TASK BRIEF: Text only, exactly as given: reproduce the entries below without their pictures.
(Beginning of DATASET RECORDS)
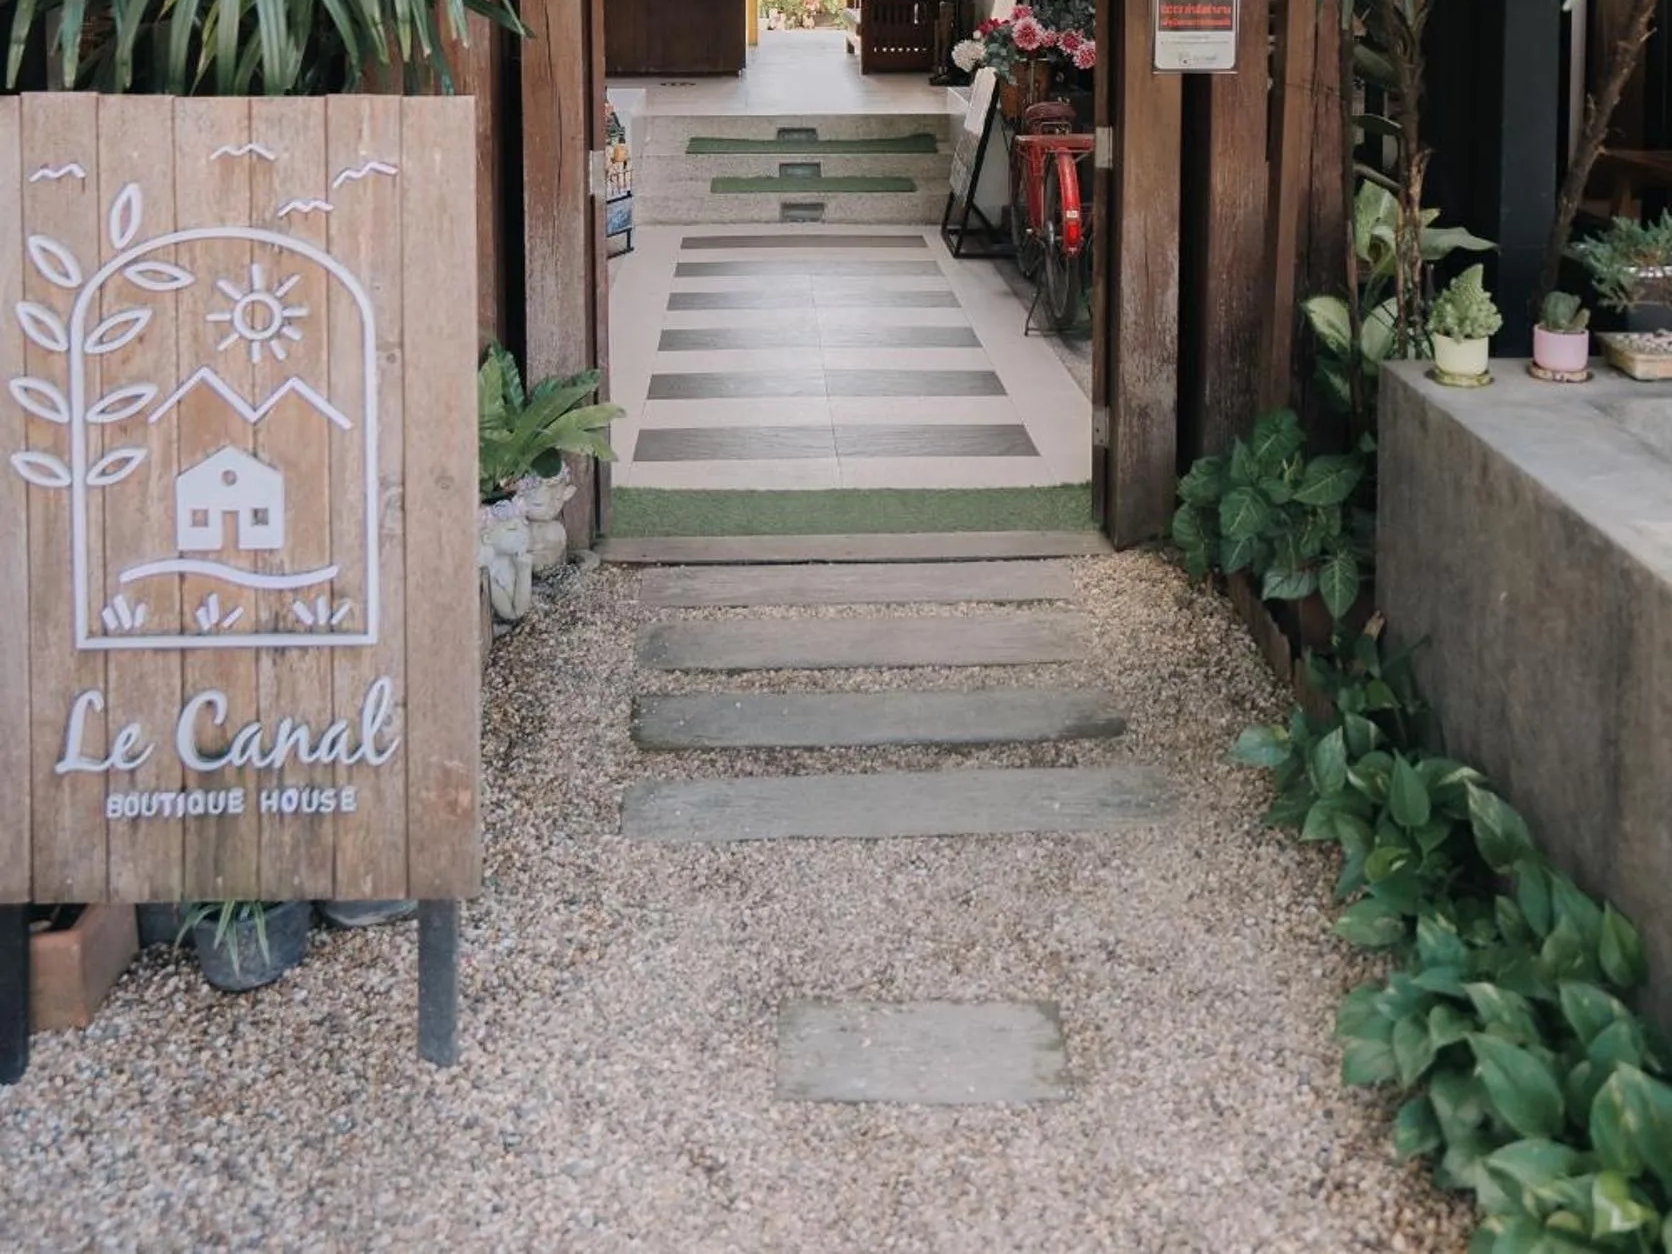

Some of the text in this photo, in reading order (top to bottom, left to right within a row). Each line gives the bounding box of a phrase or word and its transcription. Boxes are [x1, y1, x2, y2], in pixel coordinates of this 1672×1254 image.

[54, 675, 401, 775] Le Canal
[106, 785, 359, 819] BOUTIQUE HOUSE
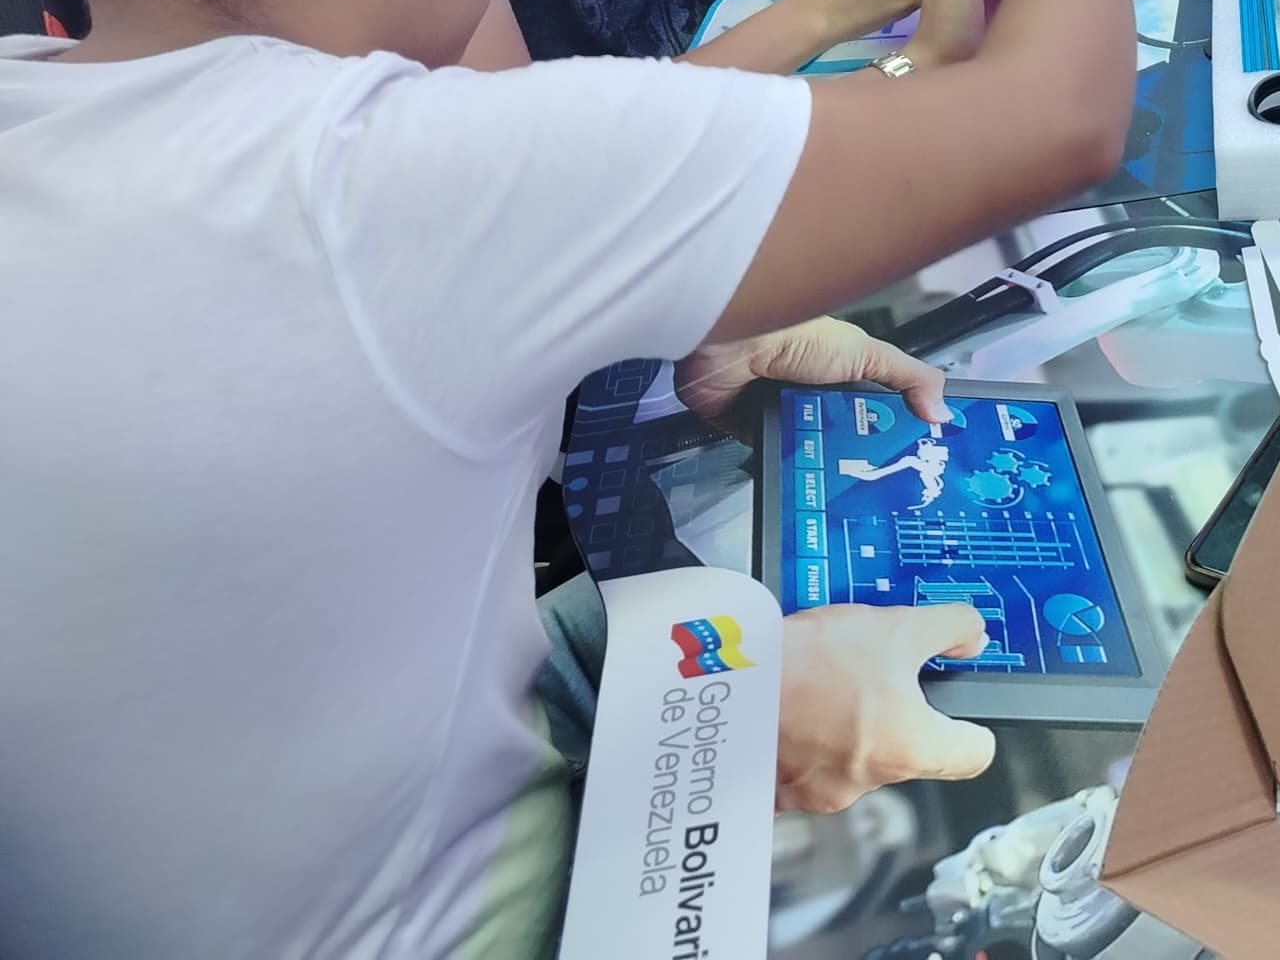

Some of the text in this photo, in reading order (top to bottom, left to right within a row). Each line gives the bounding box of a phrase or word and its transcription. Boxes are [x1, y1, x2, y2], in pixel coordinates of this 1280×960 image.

[803, 403, 814, 422] FILE
[803, 440, 815, 460] EDIT
[804, 472, 817, 509] SELECT
[805, 518, 818, 551] START
[806, 564, 820, 602] FINISH
[638, 687, 695, 898] de Venezuela
[672, 680, 731, 960] Gobierno Bolivari
(End of DATASET RECORDS)
SOLUTION TO THIS PROBLEM:
Some of the text in this photo, in reading order (top to bottom, left to right within a row). Each line gives the bounding box of a phrase or word and its transcription. Boxes are [x1, y1, x2, y2], in pixel coordinates of this 1672×1254 image.

[54, 675, 401, 775] Le Canal
[106, 785, 359, 819] BOUTIQUE HOUSE

Some of the text in this photo, in reading order (top to bottom, left to right within a row). Each line gives the bounding box of a phrase or word and its transcription. Boxes are [x1, y1, x2, y2], in pixel coordinates of this 1280×960 image.

[803, 403, 814, 422] FILE
[803, 440, 815, 460] EDIT
[804, 472, 817, 509] SELECT
[805, 518, 818, 551] START
[806, 564, 820, 602] FINISH
[638, 687, 695, 898] de Venezuela
[672, 680, 731, 960] Gobierno Bolivari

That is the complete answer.